Marcelo Almeida, especialista em Direito Militar, explica os limites legais da atuação policial e as consequências em casos de abuso ou uso indevido da força
Abordagens policiais são uma prática cotidiana das forças de segurança e têm como objetivo prevenir e reprimir delitos. Apesar disso, a atuação dos agentes públicos deve seguir parâmetros previstos na legislação brasileira e na Constituição Federal, especialmente no que diz respeito ao uso da força e à garantia de direitos fundamentais.
Casos envolvendo denúncias de violência excessiva, constrangimento ilegal ou condutas consideradas abusivas durante operações policiais têm ganhado repercussão e são frequentemente alvo de apuração por corregedorias e órgãos de controle. Nessas situações, a avaliação sobre eventual irregularidade depende da análise das circunstâncias concretas de cada ocorrência.
De acordo com Marcelo Almeida, especialista em Direito Militar, a atuação policial é legalmente autorizada a empregar força, mas dentro de limites objetivos.
“A utilização do uso progressivo da força pelo agente de segurança pública deve observar critérios técnicos alem da proporcionalidade. O excesso poderá ocorrer quando existir um descompasso entre a reação do policial e a situação enfrentada, podendo caracterizar infração administrativa e, em alguns casos, crime”, afirma.
Segundo ele, a responsabilização não é automática e exige apuração rigorosa dos fatos.
“Cada ocorrência precisa ser analisada individualmente, com base em provas e no contexto da ação.
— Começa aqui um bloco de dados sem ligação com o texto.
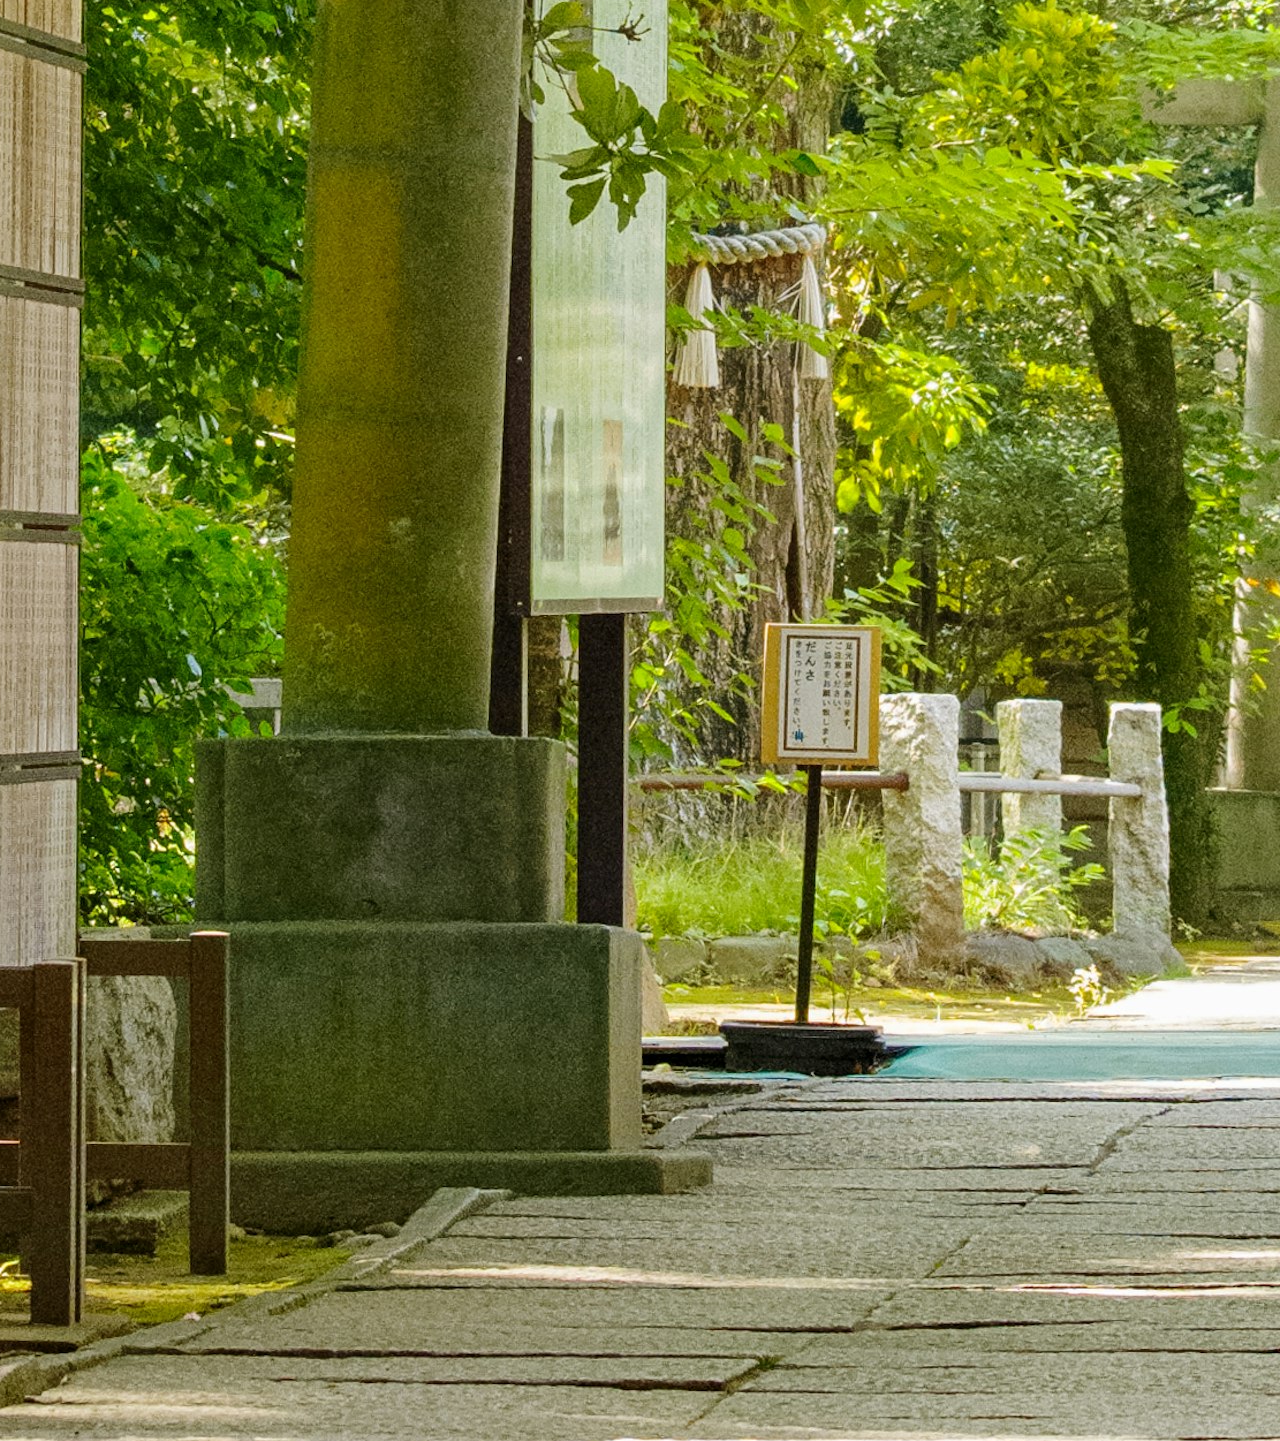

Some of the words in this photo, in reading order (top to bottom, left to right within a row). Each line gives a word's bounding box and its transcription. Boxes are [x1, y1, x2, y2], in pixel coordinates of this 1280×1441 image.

[804, 641, 817, 681] だんさ
[832, 641, 843, 711] ご注意ください。
O simples registro de denúncia não significa, por si só, a existência de abuso, sendo indispensável a investigação para garantir tanto a responsabilização quando cabível quanto a proteção do agente no exercício regular da função”, explica.
Além de eventuais sanções disciplinares no âmbito das corporações, casos comprovados de abuso podem resultar em responsabilização civil e criminal, dependendo da gravidade da conduta.
Para o especialista, o aprimoramento dos protocolos operacionais e a capacitação contínua dos agentes são fundamentais para reduzir conflitos durante abordagens e aumentar a segurança jurídica na atuação policial.
“O fortalecimento de diretrizes claras de atuação e o respeito aos direitos fundamentais são essenciais para a legitimidade da atividade policial e para a confiança da sociedade nas instituições de segurança pública”, conclui.